── PROVIDED INFORMATION
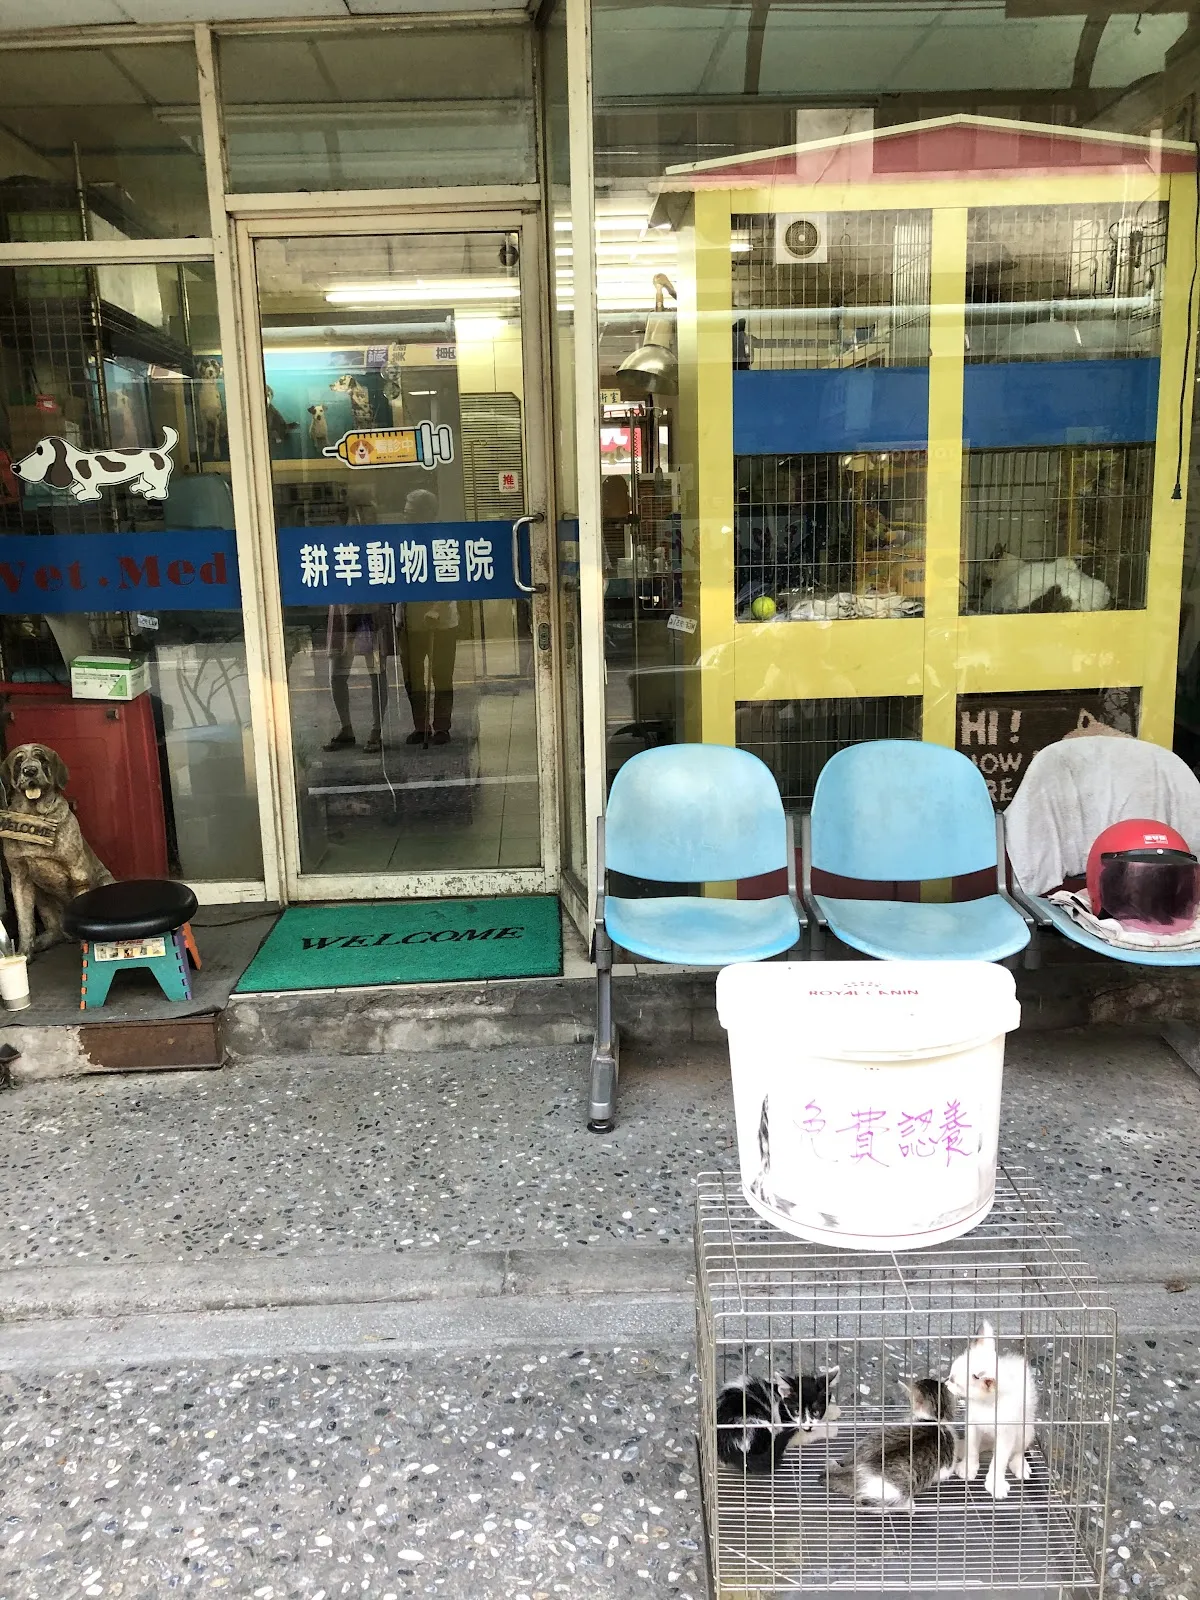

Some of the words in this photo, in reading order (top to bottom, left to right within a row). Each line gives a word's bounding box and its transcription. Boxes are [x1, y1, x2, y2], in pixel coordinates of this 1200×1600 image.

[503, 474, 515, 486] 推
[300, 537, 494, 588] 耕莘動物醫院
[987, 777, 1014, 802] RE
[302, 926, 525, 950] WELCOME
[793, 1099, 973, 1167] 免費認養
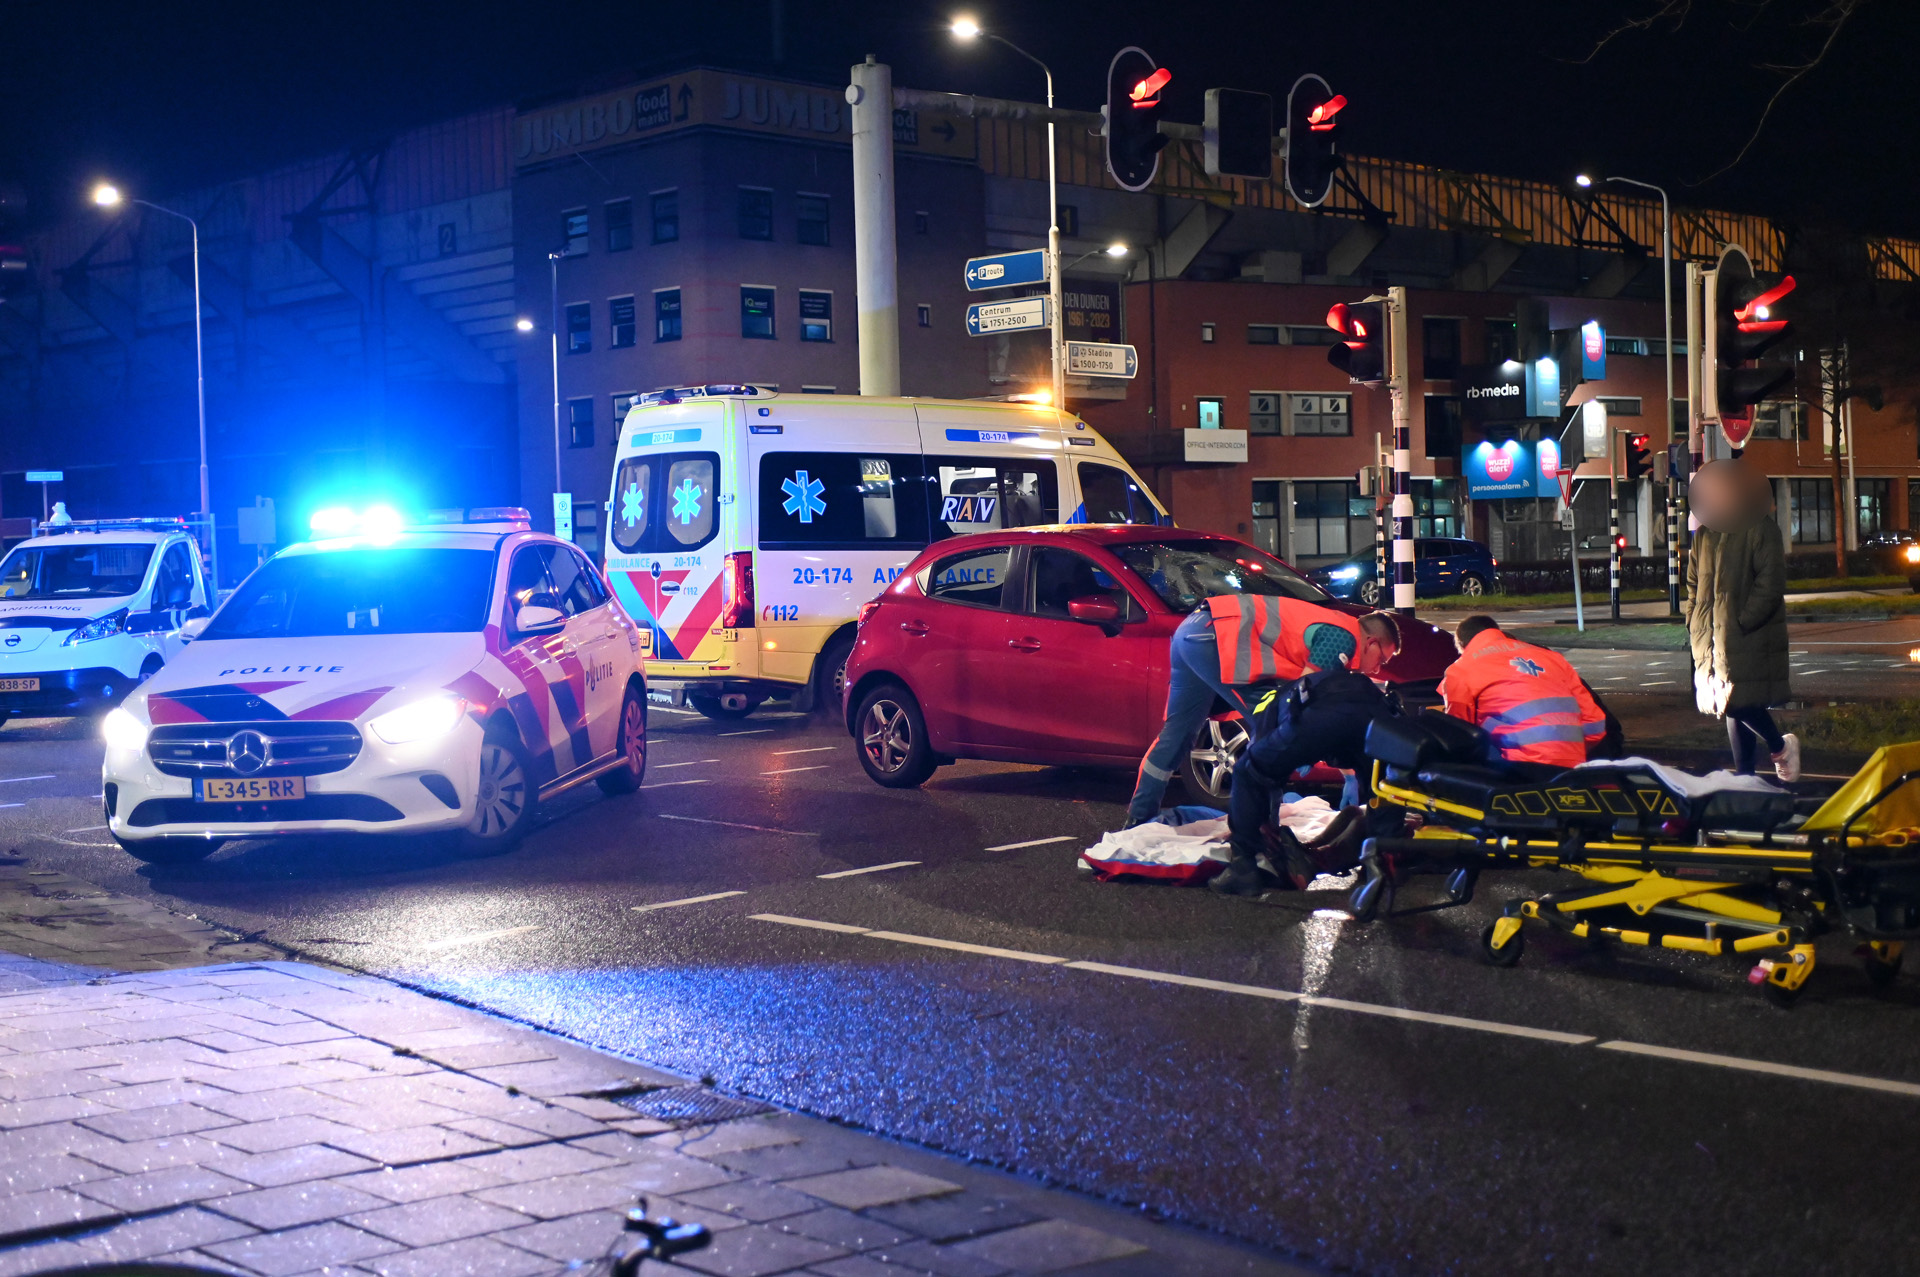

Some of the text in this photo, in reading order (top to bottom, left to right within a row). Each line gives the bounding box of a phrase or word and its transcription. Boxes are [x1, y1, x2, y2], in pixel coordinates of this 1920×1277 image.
────
── PROVIDED INFORMATION
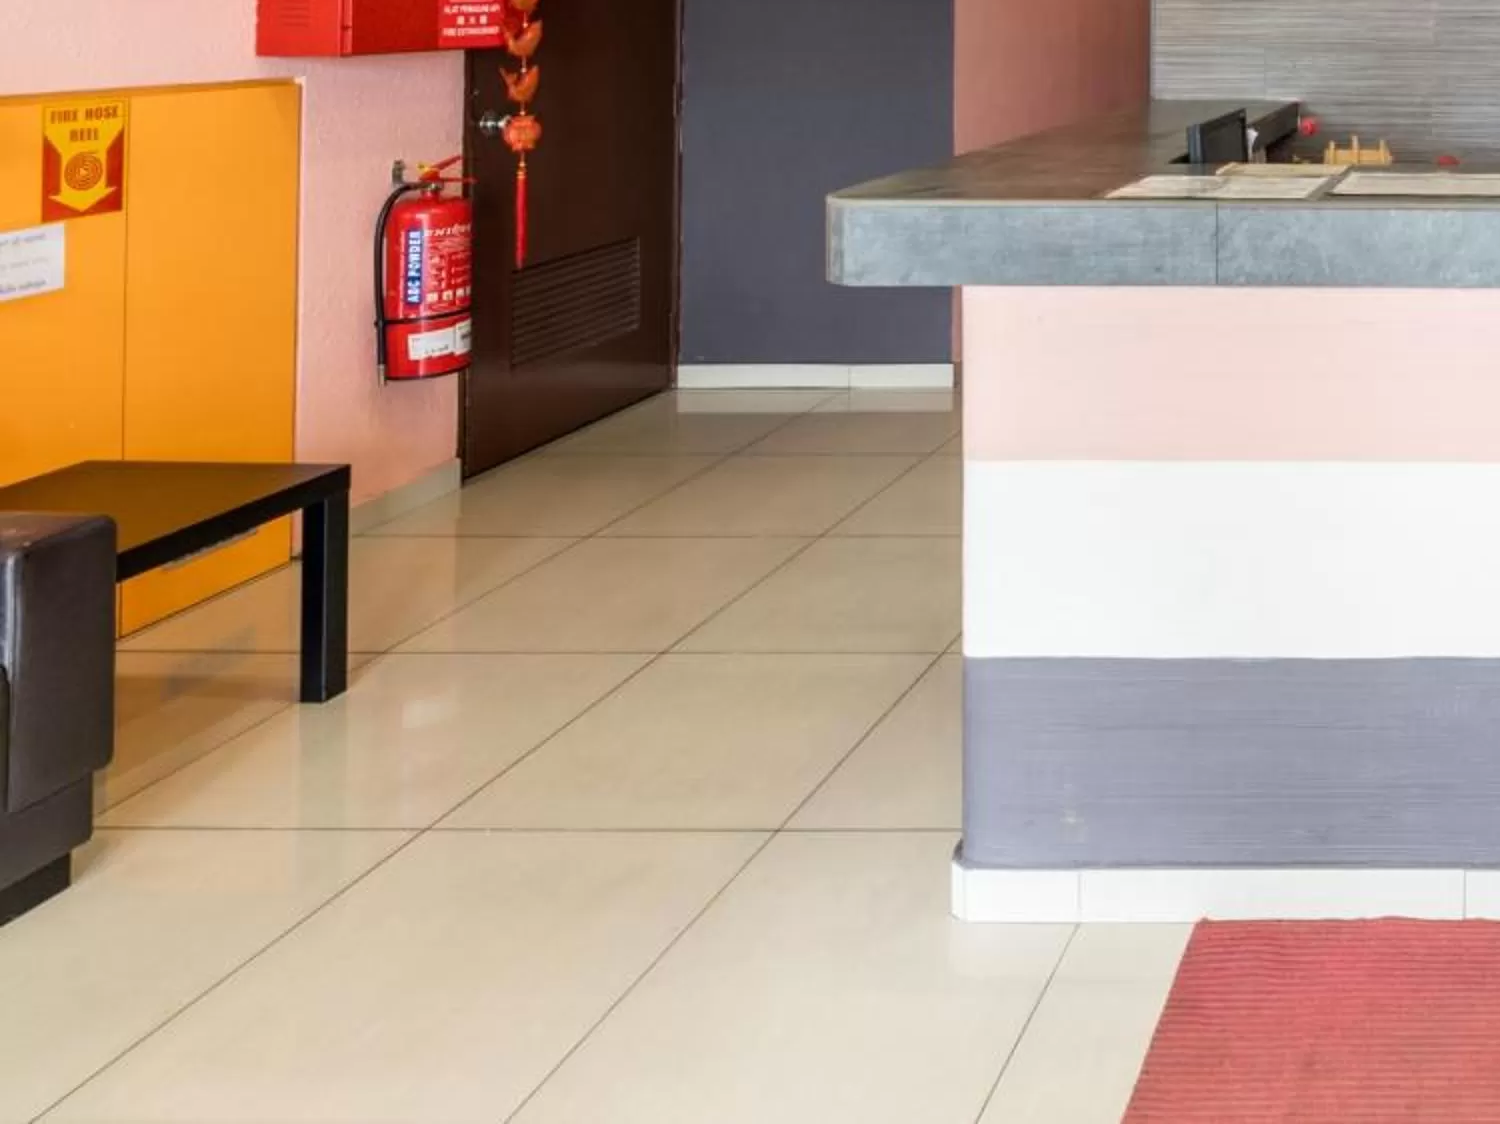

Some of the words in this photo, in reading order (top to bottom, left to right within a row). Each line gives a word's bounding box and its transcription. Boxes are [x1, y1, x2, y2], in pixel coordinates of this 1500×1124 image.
────
Copy out the listing above from the line containing "this 1200×1600 image." to the line containing "Some of the text", both included, exactly as written and minus the images.

SOLUTION TO THIS EXERCISE »
Some of the words in this photo, in reading order (top to bottom, left to right within a row). Each line gives a word's bounding box and its transcription. Boxes are [x1, y1, x2, y2], in pixel coordinates of this 1200×1600 image.

[503, 474, 515, 486] 推
[300, 537, 494, 588] 耕莘動物醫院
[987, 777, 1014, 802] RE
[302, 926, 525, 950] WELCOME
[793, 1099, 973, 1167] 免費認養

Some of the text in this photo, in reading order (top to bottom, left to right within a row). Each line gives the bounding box of a phrase or word and its transcription. Boxes are [x1, y1, x2, y2], in pixel coordinates of this 1920×1277 image.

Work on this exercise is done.